Auf der einen Seite wären da die Klassikfans, die sich fragen, warum man freiwillig einen Abend mit lauter Musik und kreischenden Sitznachbar*innen in einem brechend vollen Stadion verbringt und auf der anderen Seite wundern sich Swifties darüber, wie man einen Abend genießen kann, wenn man weder tanzen noch mitsingen darf. So verschieden beide Welten auf den ersten Blick auch scheinen mögen, eigentlich sind sie sich letztendlich in vielerlei Hinsicht ähnlicher, als man glaubt. Und das liegt nicht nur daran, dass Taylor Swifts Großmutter Marjorie Finlay (der übrigens der wunderschöne Song Marjorie auf dem Album Evermore gewidmet ist) ausgebildete Opernsängerin war und Swift von frühester Kindheit an musikalisch inspirierte, sondern auch an den überraschend vielen Gemeinsamkeiten, die Opernfans und Swifties verbinden.
Vermutlich das auffallendste Element ist die Begeisterung – um nicht zu sagen der Fanatismus – des Publikums.

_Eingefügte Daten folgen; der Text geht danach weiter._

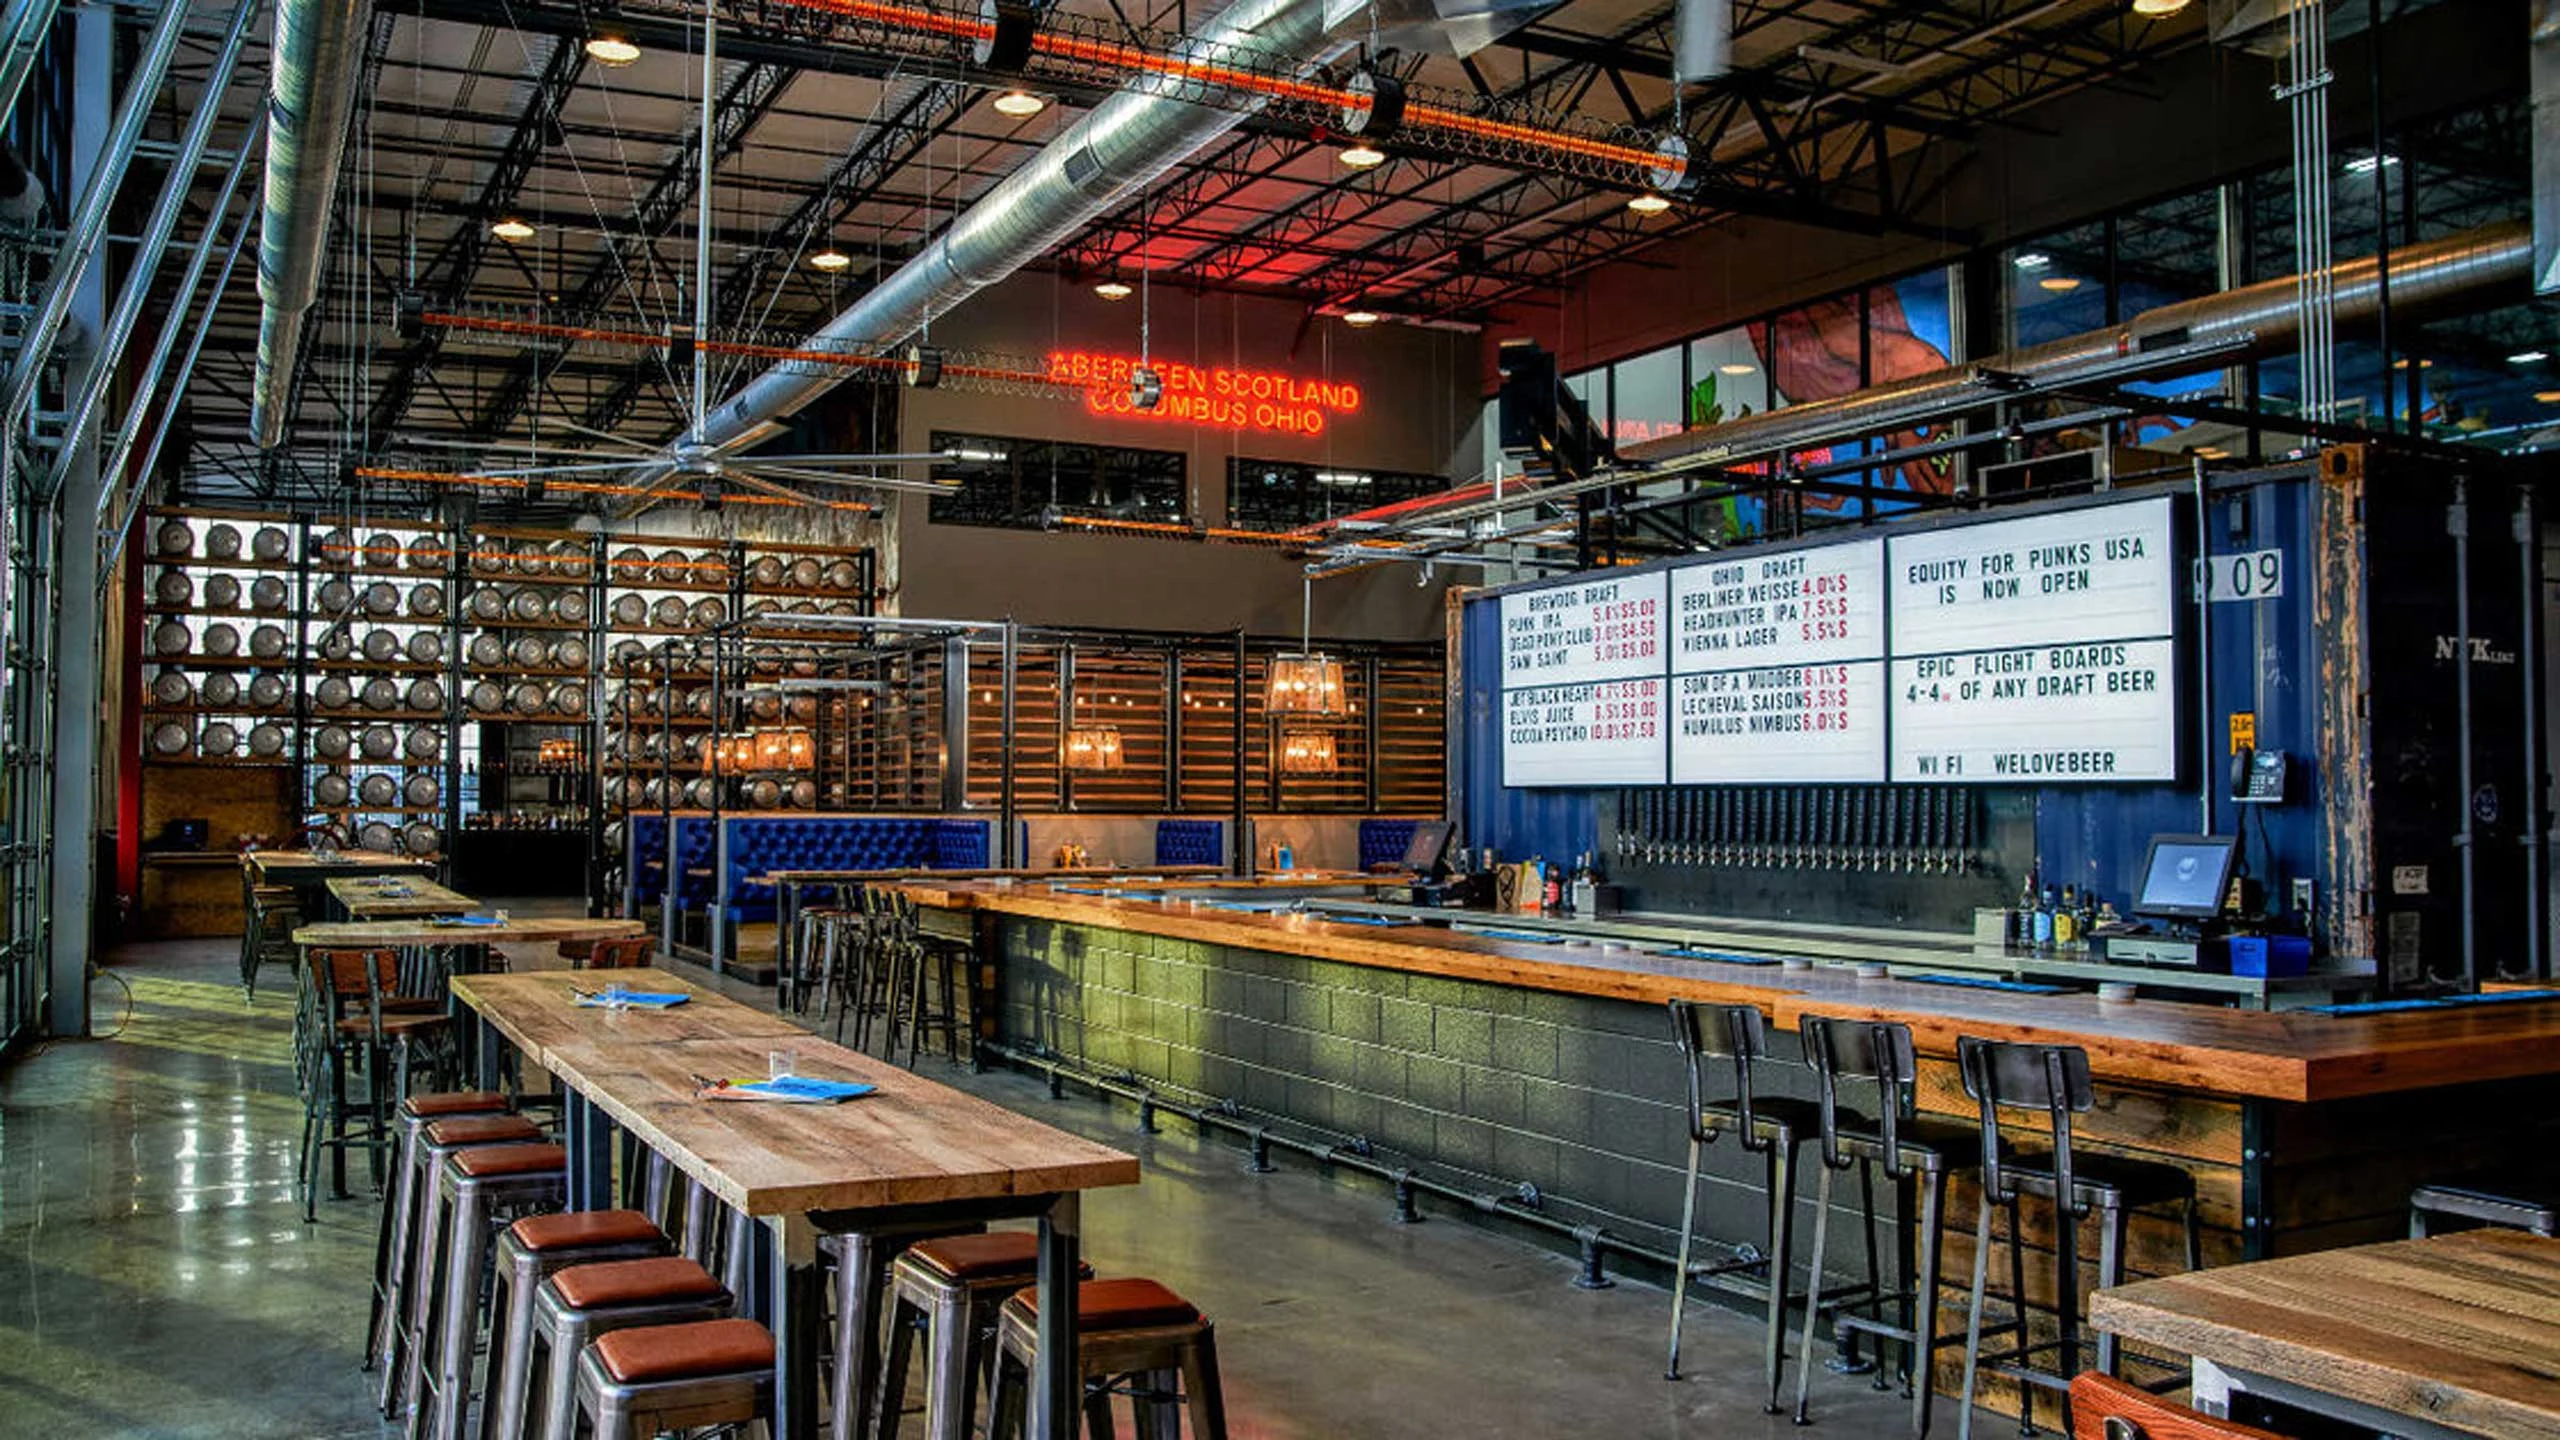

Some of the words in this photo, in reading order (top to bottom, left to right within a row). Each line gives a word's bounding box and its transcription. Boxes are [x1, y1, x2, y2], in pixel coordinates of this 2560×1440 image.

Sowohl Swifties als auch Opernfans nehmen oftmals weite Reisen auf sich, um bei einer Vorstellung dabei zu sein. Da werden Monate im Voraus Hotels und Flüge gebucht und der Urlaub wird rund um die Stunde Null geplant.Heiß begehrte Karten, die mit langer Vorlaufzeit ergattert werden müssen und am Schwarzmarkt zu einem Vielfachen des Orignalpreises gehandelt werden, gibt es sowohl für Taylor Swifts Eras Tour als auch für besonders begehrte Vorstellungen etwa bei den Salzburger Festspielen; und mit liebevoll selbst gebastelten „Suche Karte” Schildern trifft man Menschen vor der Bayerischen Staatsoper ebenso an wie vor dem Wembley-Stadion in London. Da wie dort hoffen verzweifelte Fans auf ein Ticket in letzter Minute, um doch noch mittendrin statt nur von außen dabei zu sein.
Gleichermaßen zeichnet sich das Stammpublikum in Opernhäusern und Stadien durch Textsicherheit und Interpretationsfreude aus; denn ebenso wie man mit einem Wagnerianer stundenlang die feinen Nuancen des Librettos von Tristan und Isolde erörtern kann, kann man sich mit einem Swiftie über Taylors Songs und deren Bedeutungshorizonte austauschen. Was dem breiten Radiopublikum bei Swifts Hits nämlich leider oft verborgen bleibt, sind die Wortgewandtheit, Poesie und Tiefgründigkeit ihrer Texte – vor allem in den ruhigeren Alben wie Folklore und Evermore, aber auch im aktuellen Album The Tortured Poets Departement, auf dem poetische Textpassagen wie „Sanctimoniously performing soliloquies I'll never see” oder
„Say it once again with feeling
How the death rattle breathing
Silenced as the soul was leaving
The deflation of our dreaming
Leaving me bereft and reeling”
ebenso zu finden sind wie religiöse Metaphern im Stil von
„What if I roll the stone away?
They're gonna crucify me anyway”.
Mit ihrem Talent für Storytelling eröffnet Taylor Swift, die übrigens bereits im Grundschulalter Gedichtwettbewerbe gewann, einen breiten Interpretationshorizont und mit der engen Verbindung aus Text, Musik und Inszenierung lebt sie in ihrem Werk gewissermaßen auch eine moderne Version von Wagners Idee des Gesamtkunstwerks, denn so stammen nicht nur Musik und Text aus ihrer Feder, sondern häufig zeichnet sie auch für die Regie ihrer bildgewaltigen Musikvideos verantwortlich.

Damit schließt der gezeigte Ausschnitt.